Why measuring for change?
To understand the impact of projects in the capturing carbon,
the SOC stock needs to be tracked though time. Soil monitoring assesses the
changes in soil carbon status with reference to the soil carbon stock at the
beginning of the project. The Marrakesh Accords specify that all emissions from
sources and removal by sinks caused by Article 3.3 and elected Article 3.4
activities be reported annually (IPCC, 2006).
Approaches in measuring for change
The two general approaches to determine rates of SOC accumulation
and cycling are: (a) the “chronosequence”

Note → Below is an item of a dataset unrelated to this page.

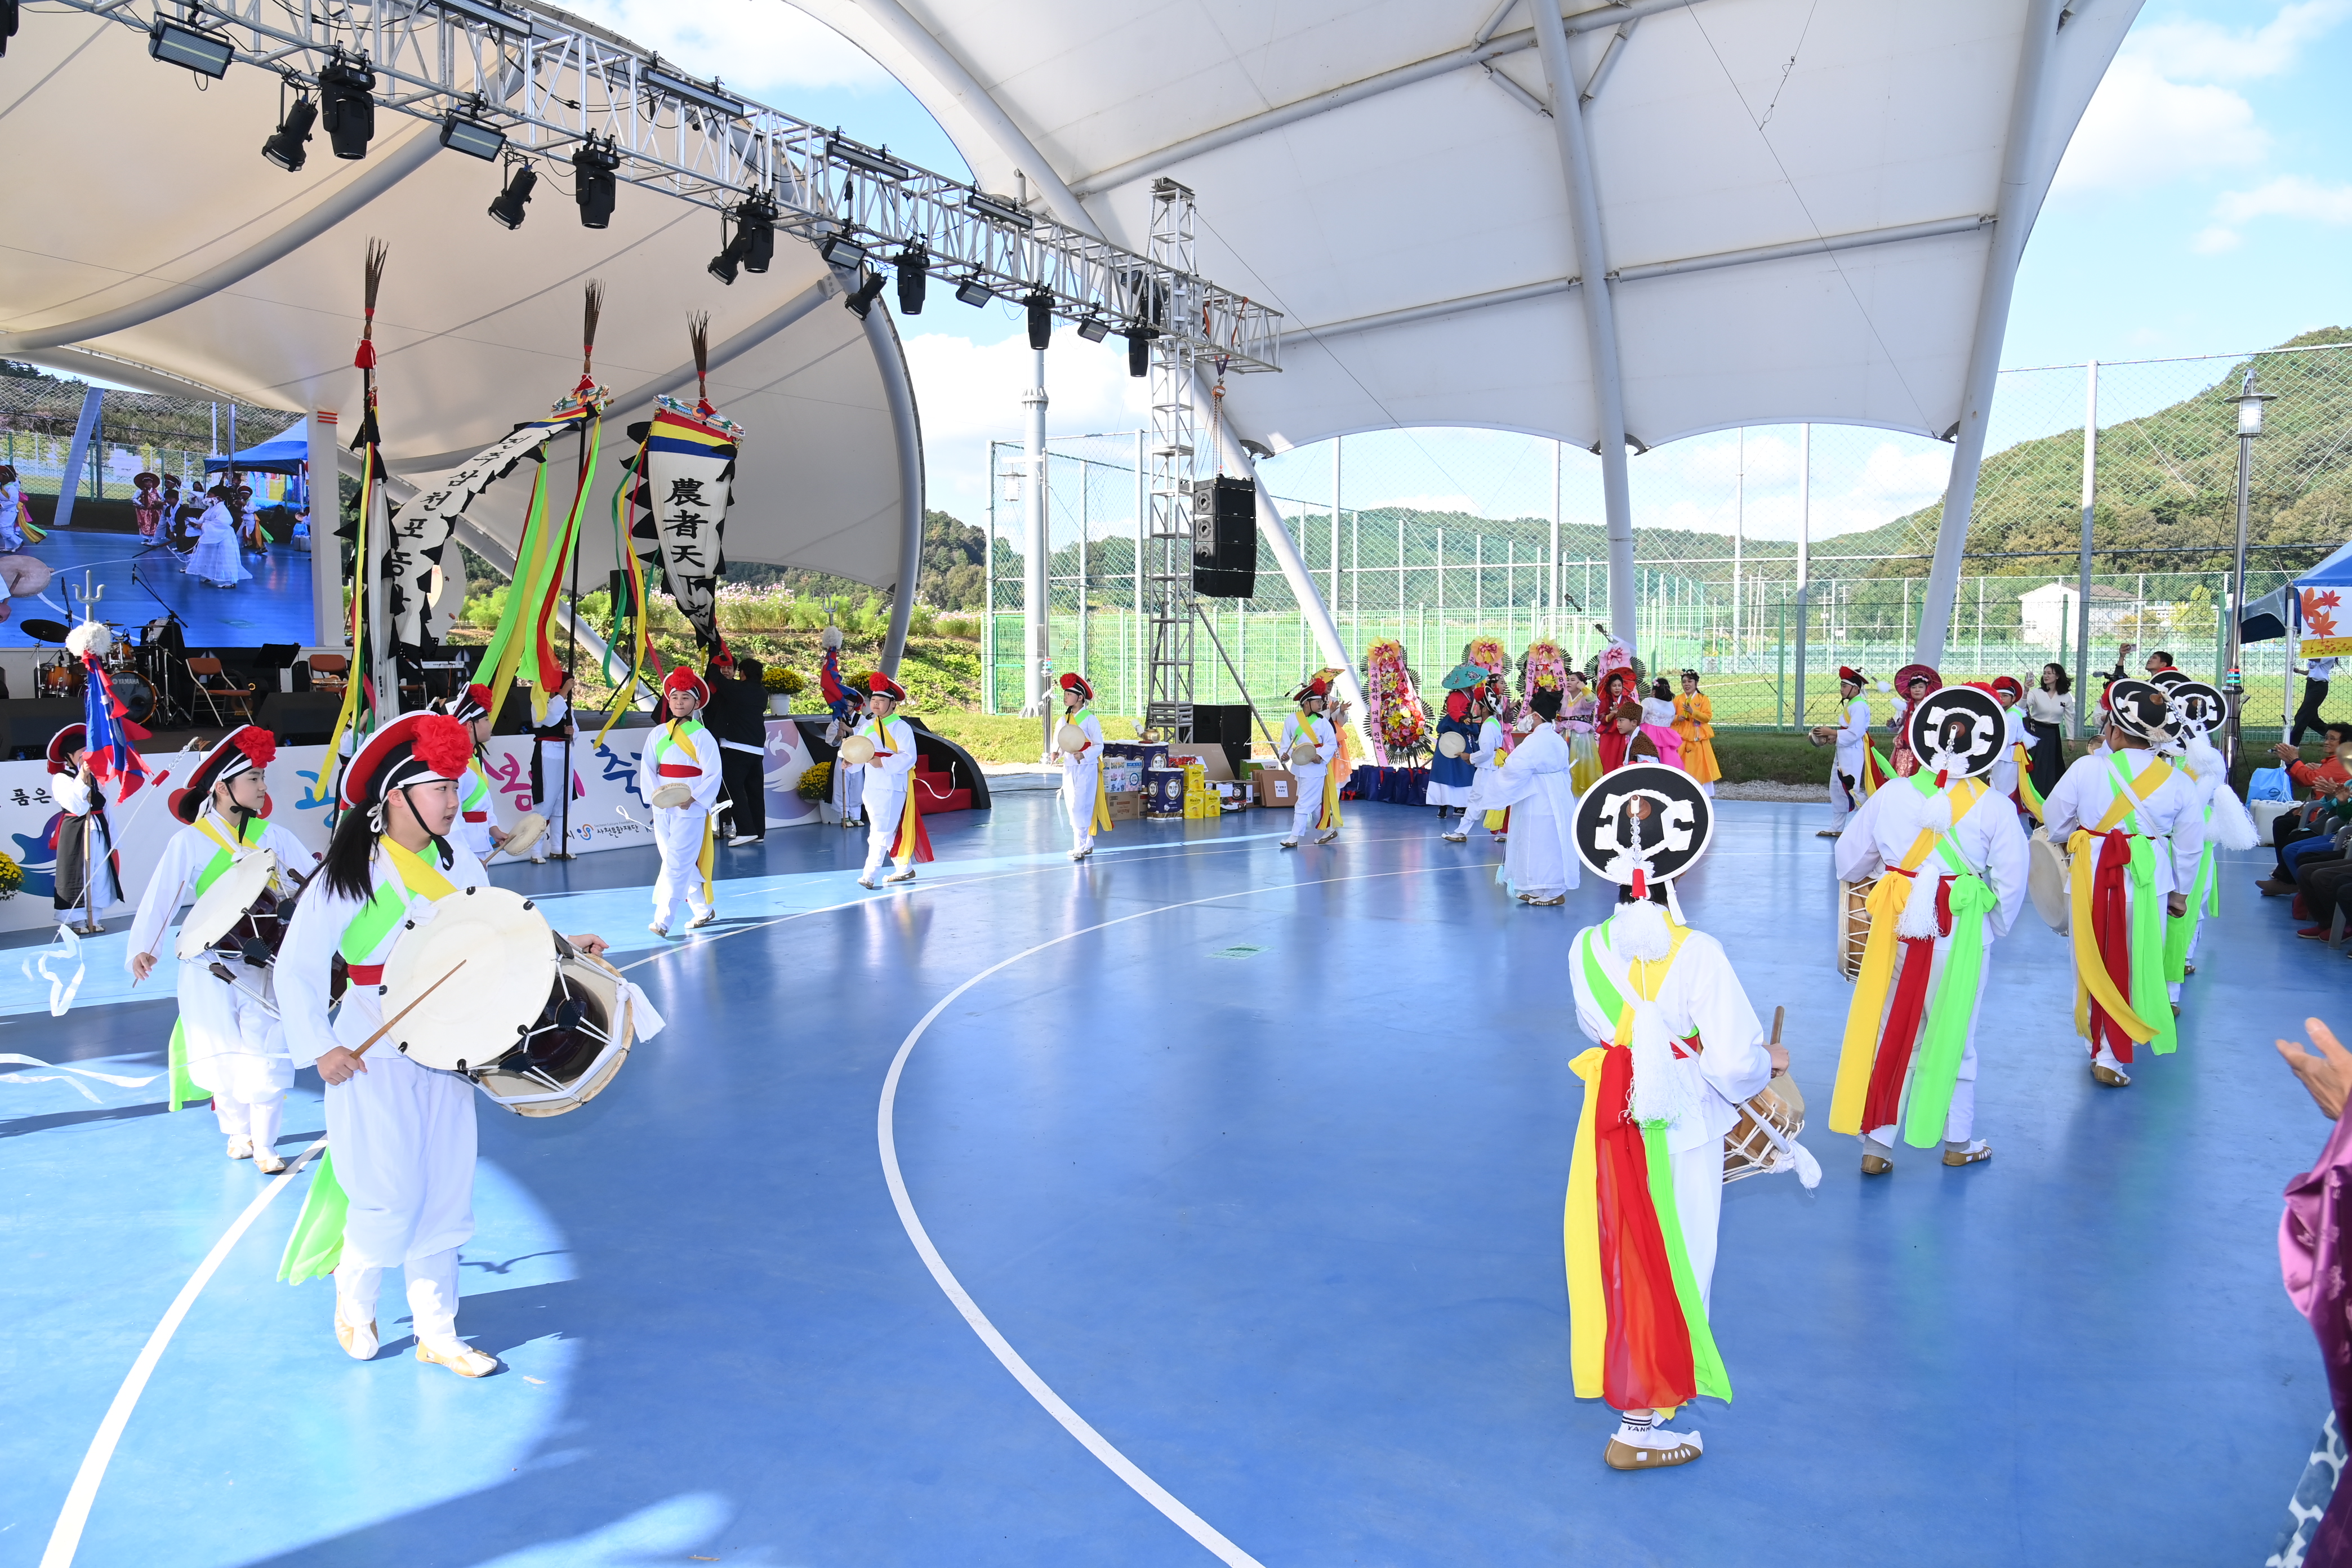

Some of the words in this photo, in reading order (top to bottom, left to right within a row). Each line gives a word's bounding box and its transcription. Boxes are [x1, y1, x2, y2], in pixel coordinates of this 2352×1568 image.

[392, 435, 532, 602] 진주삼천포농
[1372, 710, 1380, 724] 대표
[10, 787, 52, 806] 품은
[597, 825, 639, 838] 사천문화재단
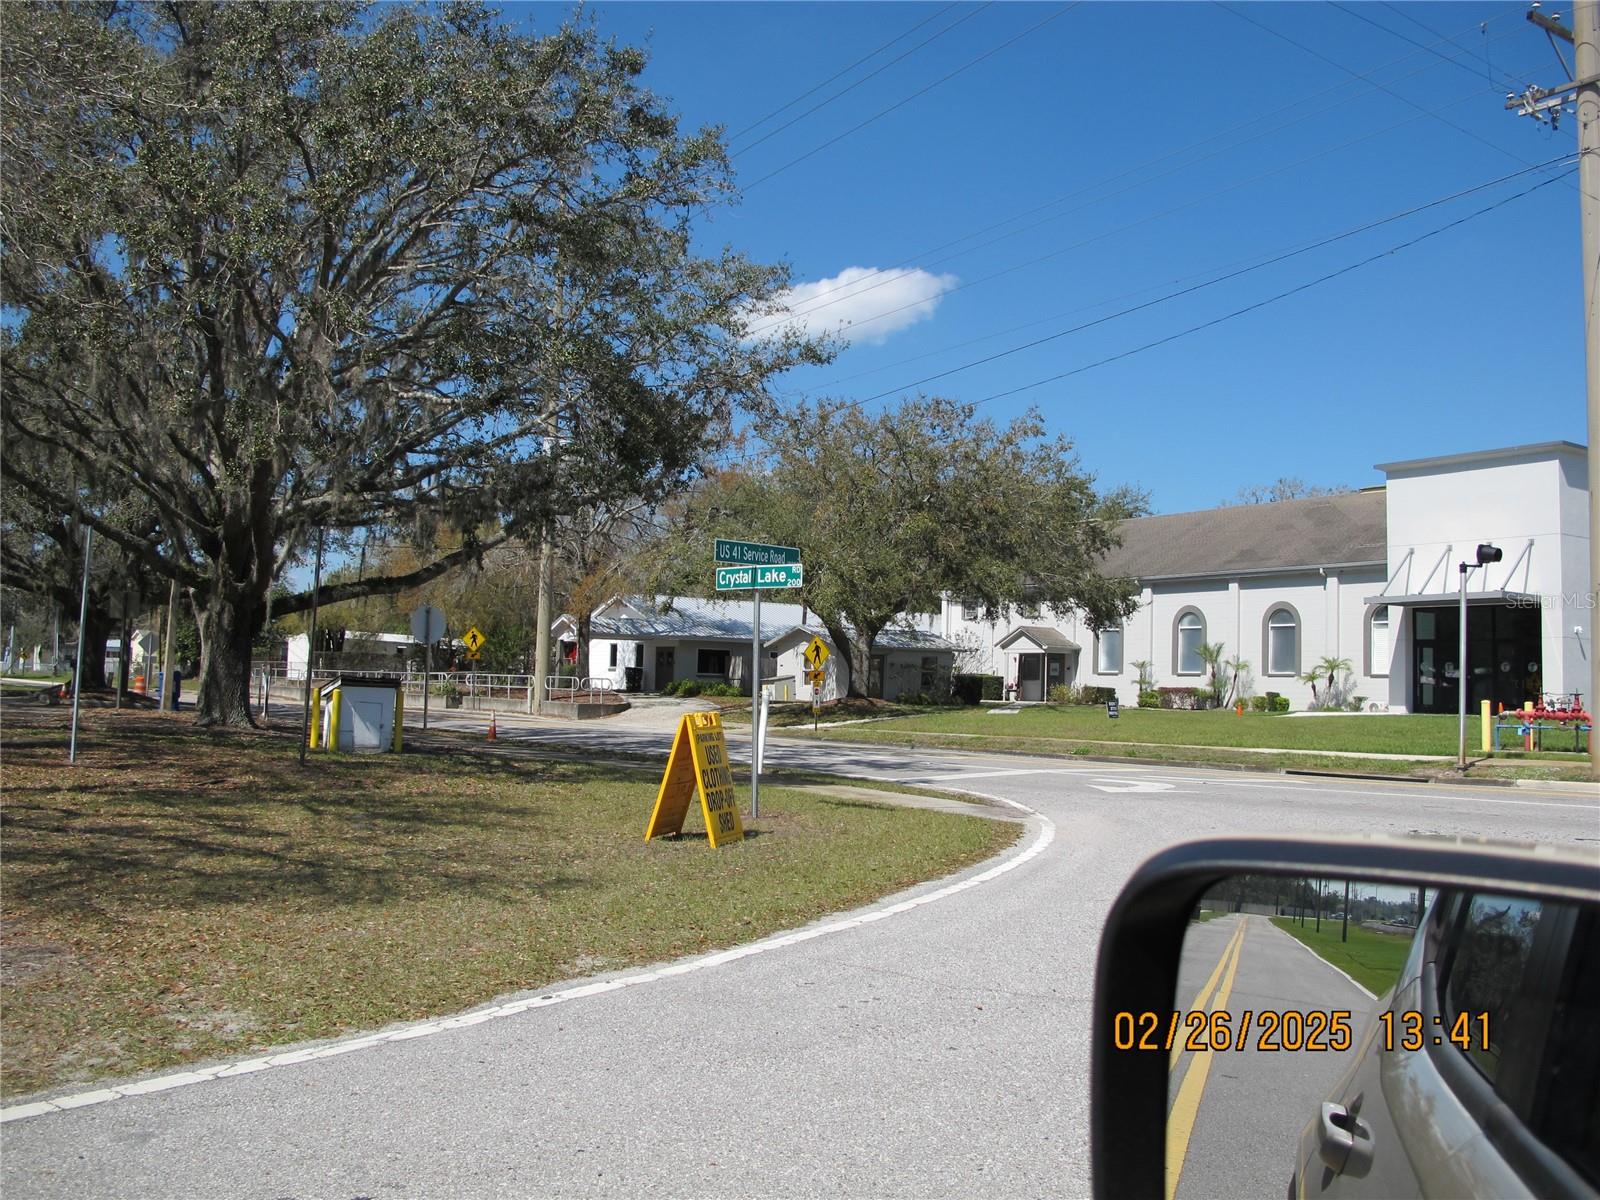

approach—which monitors SOC in soils of different ages but similar environment
and parent material, and (b) a “mass balance” approach in which C cycling rates
are inferred for soils near or at steady state (Amundson, 2001). The average C atom in atmospheric CO2 passes
through soil organic matter (SOM) somewhere in the world approximately every 12
years. In recent decades, the most notable factor that influences the global
SOC dynamics in space and time is human induced land use/cover change (IPCC,
2006).
While monitoring changes in SOC between treatments, over time
periods, we should consider changes in bulk density caused, erosion,
deposition, compaction, decomposition, tillage and expanding clays. To express
changes in soil carbon stocks on an equal mass basis requires that the change
in the soil bulk density. Estimates of soil carbon stocks to a fixed depth
using single depth bulk density are mostly biased due to the spatial and
temporal variability in bulk density (Lee et al., 2009; VandenBygaart
and Angers, 2006).
A management that leads to a decrease in bulk density will under estimates soil
organic carbon stock and vice versa (Ellert and Bettany, 1995). As the bulk density can change due
to land use, the same sampled volume contains less of the original soil-mass
equivalent. Therefore, rates of accrual estimated from sampling to a fixed
depth should be considered conservative estimates of soil-carbon accretion
(Pearson et al. 2007, Lee et al., 2009; VandenBygaart
and Angers, 2006).
The changes in SOC stock can be converted to tonnes
CO2 equivalent by multiplying by 3.67, which is the ratio of the
molecular weights between carbon (12) and carbon dioxide (44).
Frequency of measuring for change
A project that off-sets CO2 by carbon sequestration
should be able to prove that significant carbon gains have occurred following a
given land management practice compared to the pre-treatment baseline (Olson,
2013). Intensity of measurements depends on the type ecosystem and type of
management. For instance crop residue additions and animal manure applications
in paddy field sequesters significant carbon over periods of 20 and 40 years (Rui and Zhang, 2010). The SOC pool for different ecosystems
is in the order swamps and marsh > boreal forest > tundra and alpine
meadow > temperate grassland and pastures > temperate evergreen forest
> temperate deciduous forest > tropical evergreen forest > tropical
season forest (Lalet al., 1997).
Although the change in SOC stock varies with factors that
influence the rate of production and decomposition of carbon, a five-year
monitoring cycle is recommended (IPCC, 2003), whereas UNFCCC (2006) recommend a
monitoring interval of between 10 and 20 years. The inter-annual variability in
SOC stock is often very low. Moreover, the cost of detecting a change in SOC
stock using field and laboratory measurements is also more expensive than
measuring carbon stock in above ground woody biomass. Hence, the cost of
detecting SOC change might cost more than the actual value of carbon
sequestered, even though soil-monitoring schemes may serve a number of other
purposes.
A fine temporal resolution in SOC monitoring can be also
achieved using modeling of SOC using remote sensing and other easily available
data sources. Soil monitoring assesses the changes in soil carbon status with
reference to the soil carbon stock at the beginning of the project.